Every time you write the new keyword to initialize an object in C#, you essentially allocate the object in a managed heap. And garbage collector automatically deallocates the objects that are not being used anymore from the managed heap “some time in the future”.  If you are already curious what is a managed heap, fret not. I will explain that too. But before that, lets talk about some fundamentals on memory.  When we essentially write C#, we essentially use a virtual address space. Since you have a lot of processes in the same computer who shares the same memory (read your RAM here) and you would essentially need them not to overlap with one another. Each process then needs to address a specific set of the memory for them and thus you have your virtual address space mapped for each process. By default 32 bit computers has around 2GB user mode virtual address space. When you are actually allocating memory, you allocate memory on this virtual address space, not the physical memory. For this, the garbage collector works on this virtual space and frees up this virtual memory for you automatically. Neat, huh?

I need memory:

What actually happens when we essentially write something like the following:

    static void Main()
    {
        Cat cat = new Cat("Nerd");
    }

Looks like we are initiating a harmless cat with the name Nerd. When you compile this C Sharp compiler will generate a common intermediate language (IL/CIL) code so the JIT compiler in CLR can compile those for any possible machine configuration. You see, I said a lot of jargons, I didn’t bold them out because I’m not going to talk about them here. Now the intermediate code that is being generated here kind of looks like this:

IL_000a:        newobj instance void CilNew.Cat::.ctor (string)

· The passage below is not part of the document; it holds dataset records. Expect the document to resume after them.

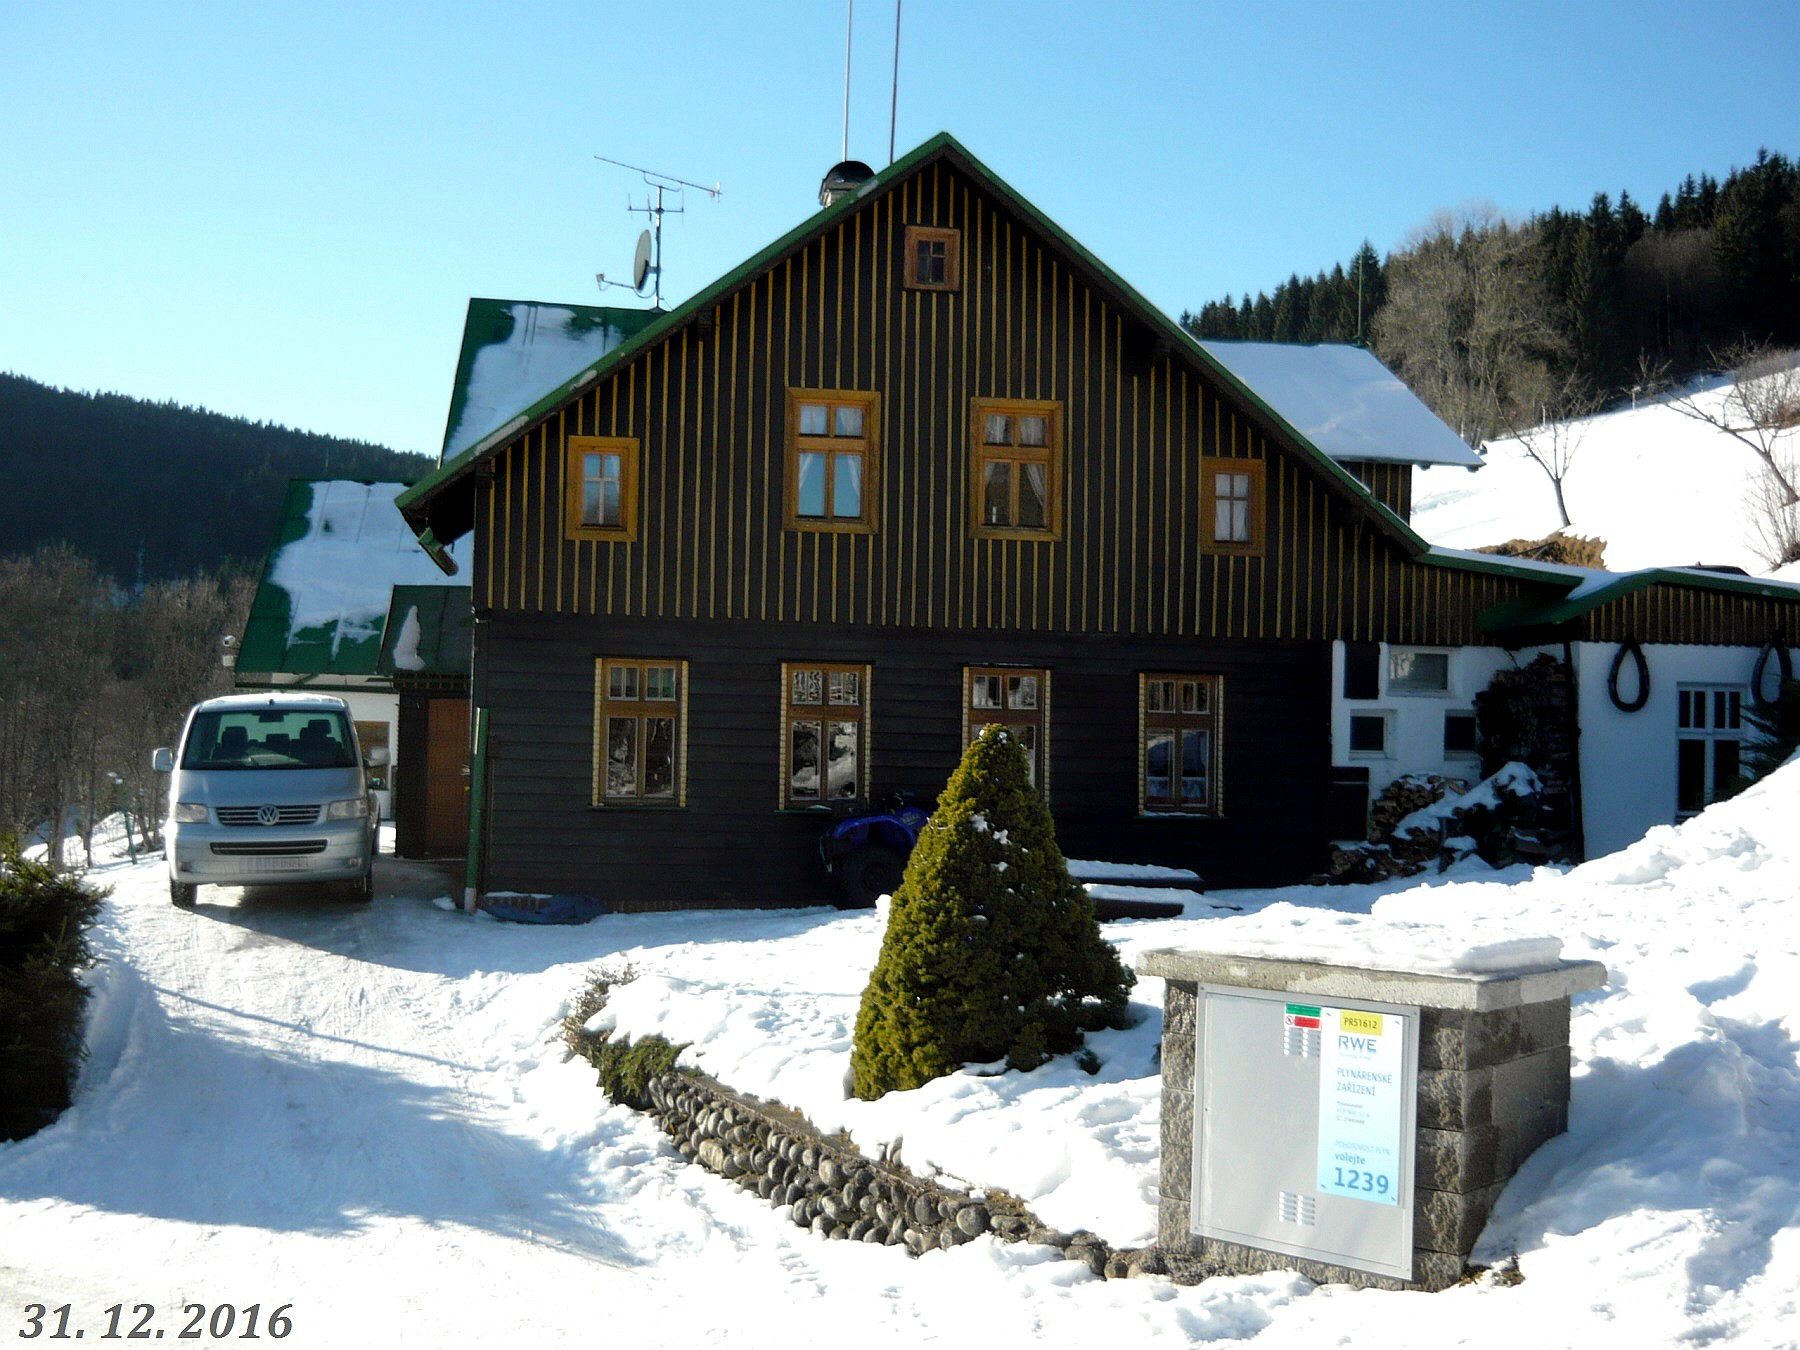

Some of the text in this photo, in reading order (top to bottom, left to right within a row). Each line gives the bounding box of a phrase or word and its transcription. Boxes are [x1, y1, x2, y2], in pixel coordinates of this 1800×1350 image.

[1343, 1017, 1378, 1029] PR51612
[1338, 1035, 1377, 1053] RWE
[1337, 1067, 1392, 1084] PLYNÁRENSKÉ
[1334, 1152, 1366, 1165] volejte
[1334, 1167, 1389, 1194] 1239

It looks about right, we only care about the newobj instruction here. This specific instruction needs to do three things.

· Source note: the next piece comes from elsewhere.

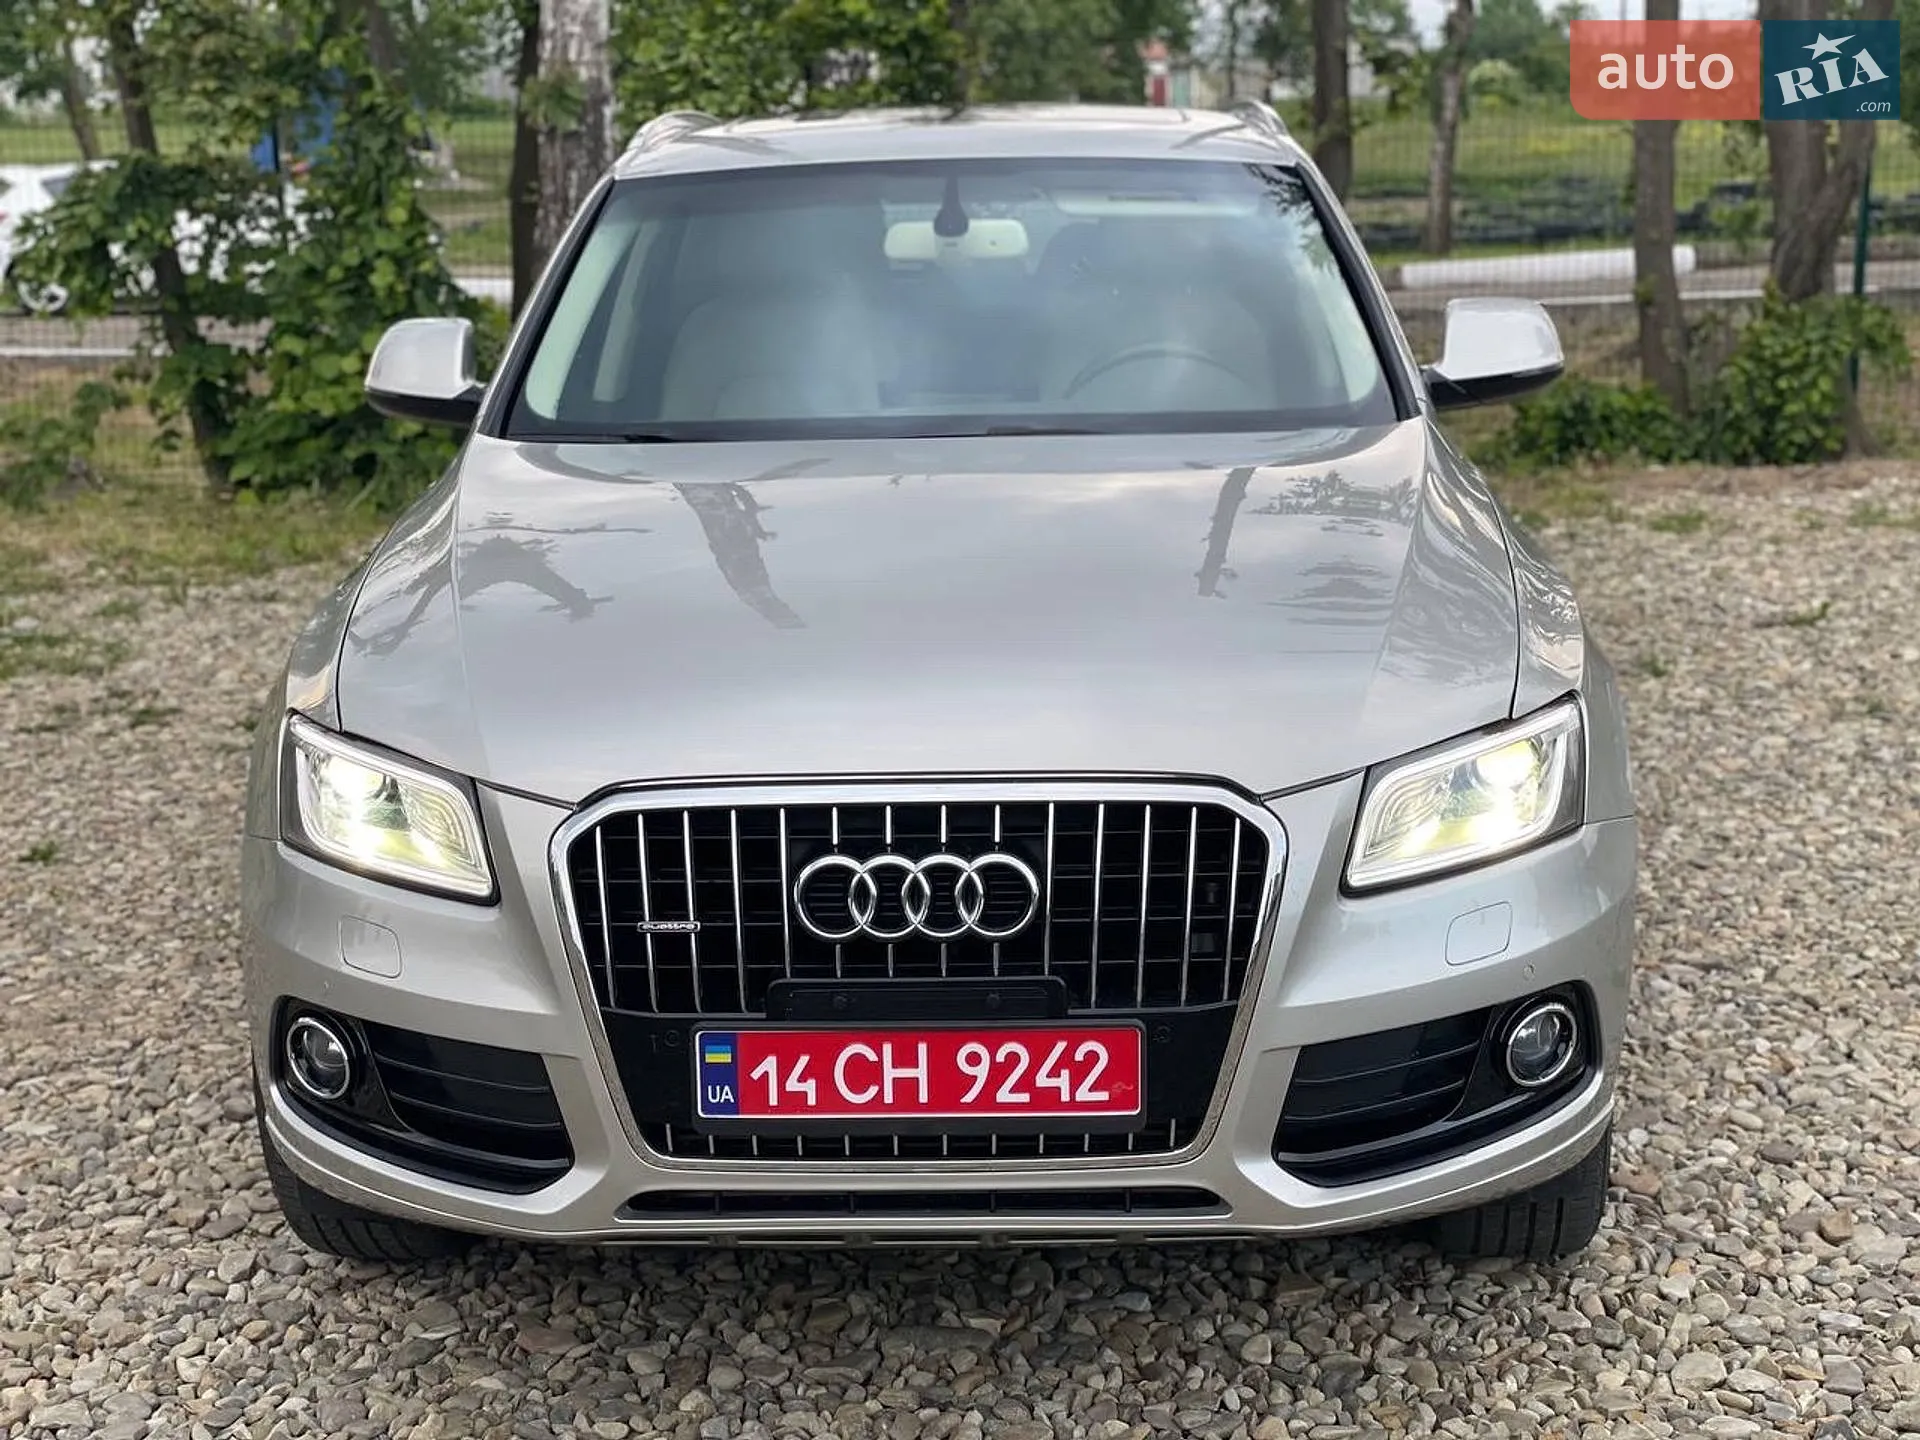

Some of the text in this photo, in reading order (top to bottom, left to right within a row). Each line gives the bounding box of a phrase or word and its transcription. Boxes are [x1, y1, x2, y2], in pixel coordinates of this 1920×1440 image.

[707, 1085, 734, 1103] UA
[749, 1040, 1109, 1106] 14 CH 9242

  1. Calculate the total amount of memory you require for the object.
  2. Look for space in the managed heap for space.
  3. When the object is created, return the reference to the caller and advance the next object pointer  to the next available slot on the managed heap.

Im quiet sure number 1 is very very easy to understand here. Why would we need to look for space in the managed heap then? Lets look at this first.

managed-heap

If you look at the example here, now it should be pretty clear to you what I meant. If the next object pointer doesn’t find enough space to fit the next object in, you would expect a OutOfMemoryException . This can also happen when you don’t have enough physical memory either. This picture also can mislead you. I will come to that now. You might think now Virtual address space is contiguous always. Well, it’s not. Virtual address space can be fragmented. This means that there are free blocks or holes among used blocks and the virtual memory manager has to find a big enough free block to allocate so you can instantiate your variable. So, even if you have 2GB virtual address space, this does not mean you have 2GB contiguously. If you ask the virtual memory manager for 2GB of space, it could fail due to the fact you dont have that amount of contiguous address space. But for regular explanations that picture will suffice well.

Now we know how objects are allocated and we spent some time on what is the managed heap and how objects are allocated on the managed heap. The reason we discussed about this is to make you understand why you need garbage collection and when it is triggered.

States of virtual memory:

There are three states of the virtual memory. Free state says this block of memory is available for allocation. When you request for allocation, it goes to Reserved state. Much like booking a hotel. Now your memory block is reserved for you but not used yet. And no one else can use this block either because you reserved it. When you finally use it, it goes to Committed state. In this state, the block of memory has a physical storage association.

The garbage collector kicks in:

There are definitely multiple conditions which are responsible for garbage collection. And you already know the very first one now. When you run out of space for a new allocation in the virtual address space. We are going to jump in and see what actually the garbage collector does in a very basic level.

Garbage collection happens in two stages. Mark and Sweep. The mark essentially searches for managed objects that are referenced in managed code. It will attempt to finalize objects that are unreachable. That is the first thing to do on sweep stage. The last work to do on sweep stage is to reclaim the memory of the unreachable objects now.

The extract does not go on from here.